## TASK BRIEF
Reproduce the records below exactly; no pictures.

[Saved data entries]
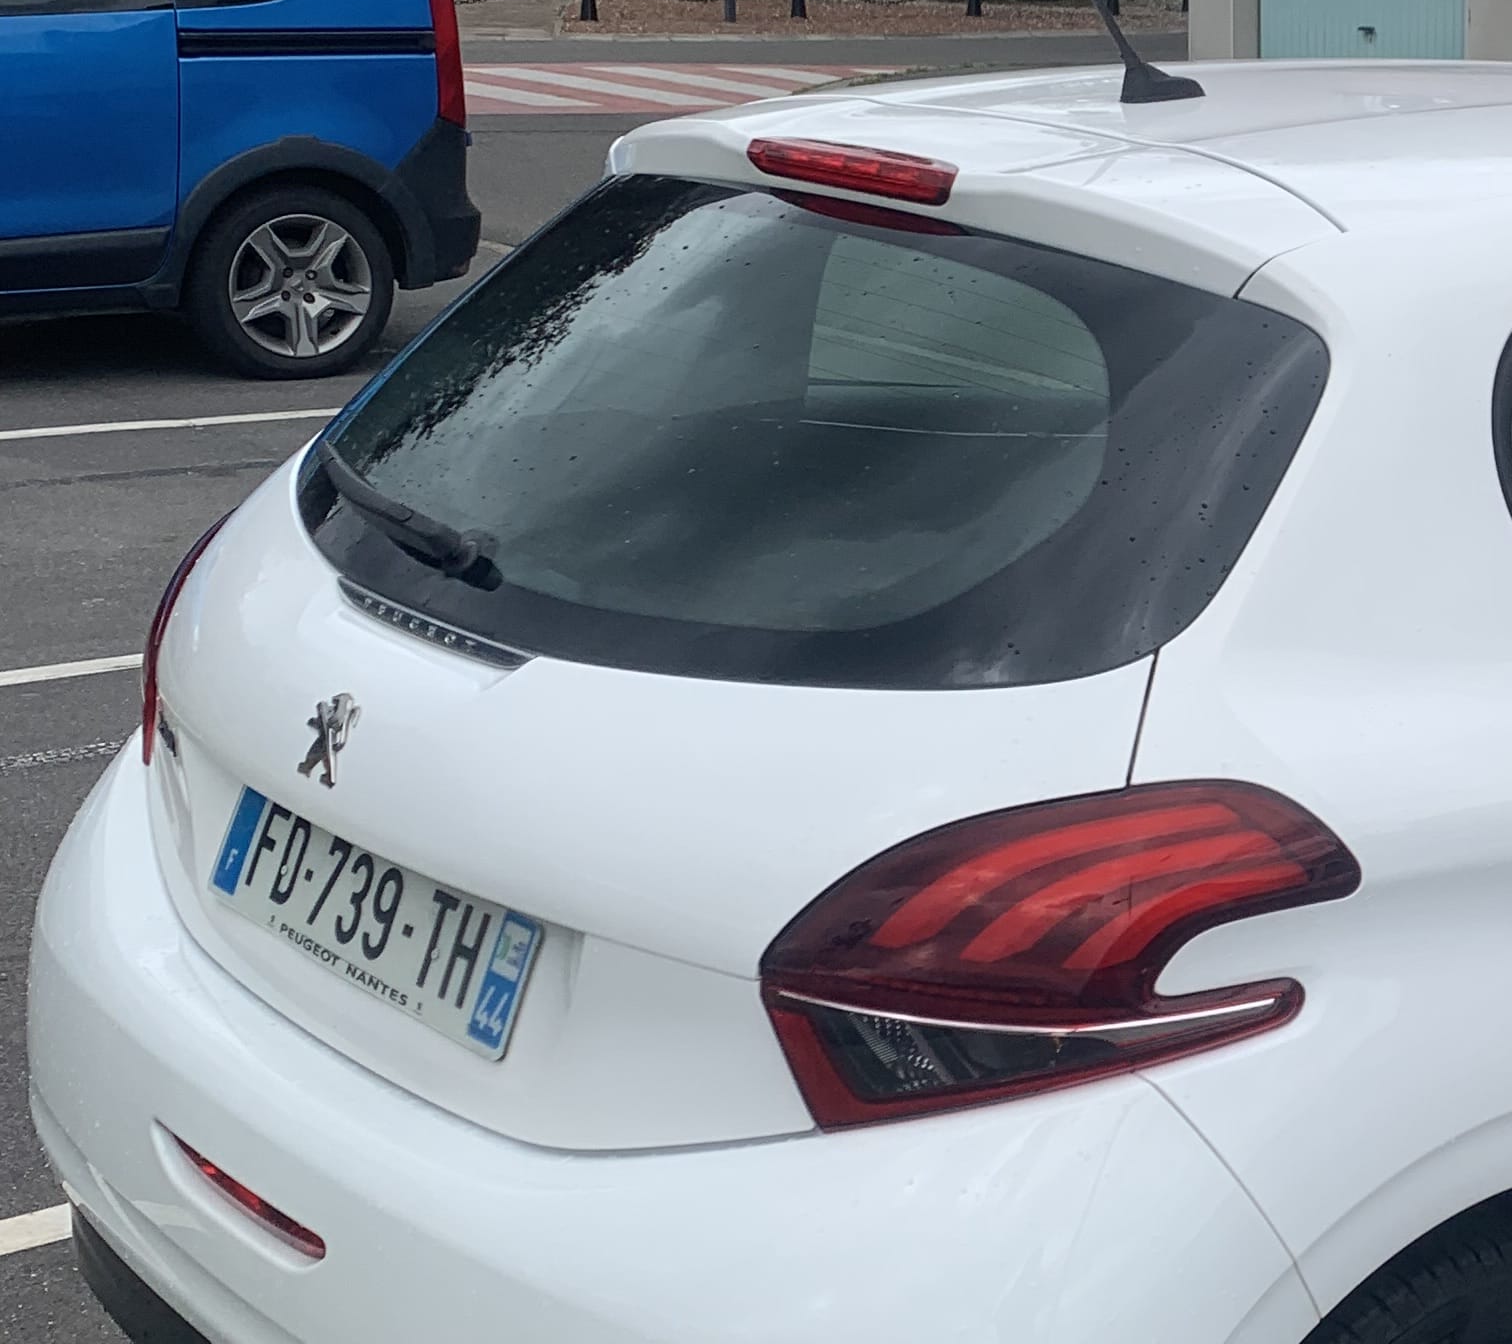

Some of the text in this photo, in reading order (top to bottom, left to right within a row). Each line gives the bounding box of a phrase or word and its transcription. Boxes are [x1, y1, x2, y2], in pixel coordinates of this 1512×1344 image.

[225, 848, 238, 870] F
[245, 801, 491, 1010] FD-739-TH
[280, 923, 408, 1006] PEUGEOT NANTES
[476, 985, 509, 1036] 44

## WRITTEN SOLUTION
Some of the text in this photo, in reading order (top to bottom, left to right within a row). Each line gives the bounding box of a phrase or word and its transcription. Boxes are [x1, y1, x2, y2], in pixel coordinates of this 1512×1344 image.

[225, 848, 238, 870] F
[245, 801, 491, 1010] FD-739-TH
[280, 923, 408, 1006] PEUGEOT NANTES
[476, 985, 509, 1036] 44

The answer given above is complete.